**WORK INSTRUCTION**:
Give the entries back exactly as they stand, but without pictures.

**DATA PROVIDED**:
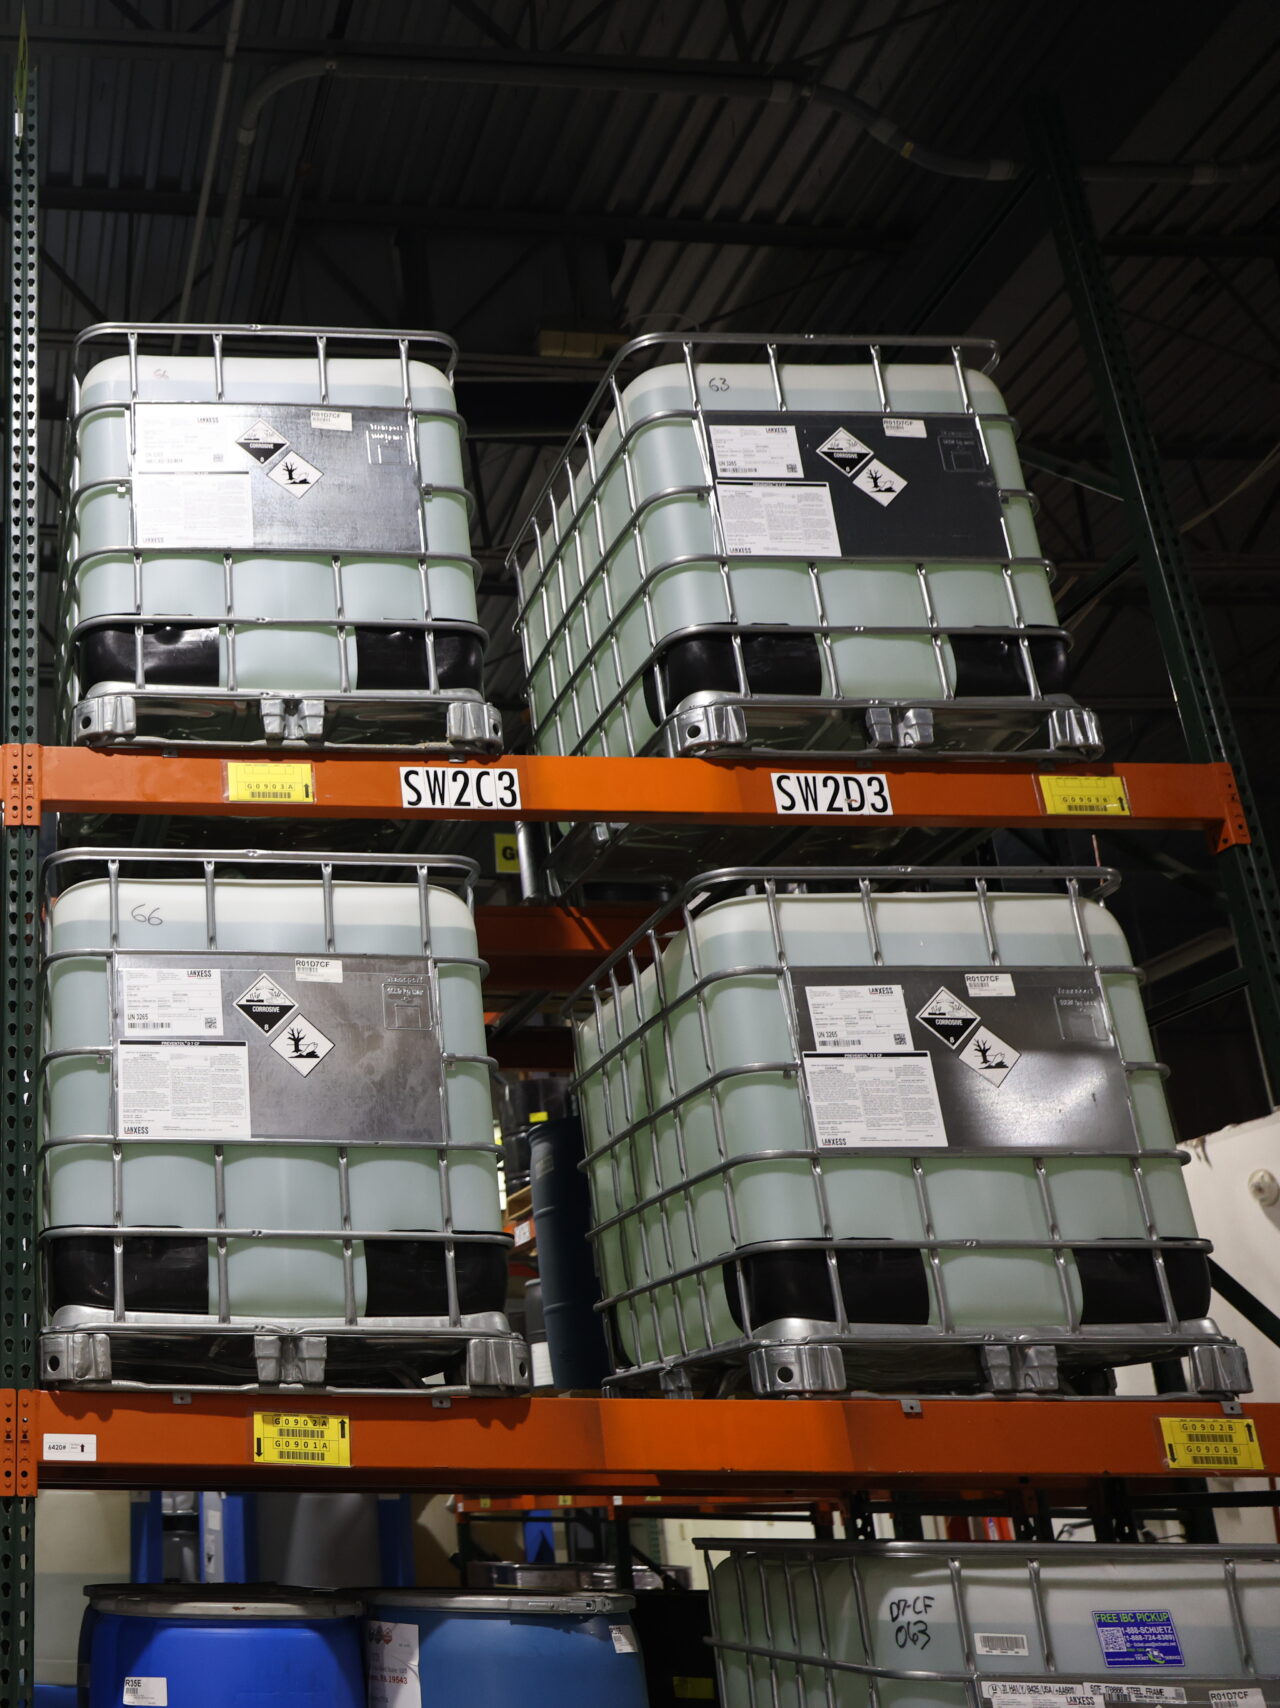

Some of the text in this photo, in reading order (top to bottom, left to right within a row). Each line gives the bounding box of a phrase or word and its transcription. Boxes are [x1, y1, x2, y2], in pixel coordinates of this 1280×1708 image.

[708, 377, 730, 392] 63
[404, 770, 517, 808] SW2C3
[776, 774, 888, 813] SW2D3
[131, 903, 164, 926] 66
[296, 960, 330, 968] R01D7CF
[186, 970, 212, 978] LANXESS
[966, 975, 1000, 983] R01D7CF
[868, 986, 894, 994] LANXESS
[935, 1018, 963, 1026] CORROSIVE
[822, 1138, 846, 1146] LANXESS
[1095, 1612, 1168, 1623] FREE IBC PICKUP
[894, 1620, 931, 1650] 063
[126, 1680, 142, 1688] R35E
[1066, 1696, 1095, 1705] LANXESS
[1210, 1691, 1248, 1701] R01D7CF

**RESPONSE AREA**:
Some of the text in this photo, in reading order (top to bottom, left to right within a row). Each line gives the bounding box of a phrase or word and its transcription. Boxes are [x1, y1, x2, y2], in pixel coordinates of this 1280×1708 image.

[708, 377, 730, 392] 63
[404, 770, 517, 808] SW2C3
[776, 774, 888, 813] SW2D3
[131, 903, 164, 926] 66
[296, 960, 330, 968] R01D7CF
[186, 970, 212, 978] LANXESS
[966, 975, 1000, 983] R01D7CF
[868, 986, 894, 994] LANXESS
[935, 1018, 963, 1026] CORROSIVE
[822, 1138, 846, 1146] LANXESS
[1095, 1612, 1168, 1623] FREE IBC PICKUP
[894, 1620, 931, 1650] 063
[126, 1680, 142, 1688] R35E
[1066, 1696, 1095, 1705] LANXESS
[1210, 1691, 1248, 1701] R01D7CF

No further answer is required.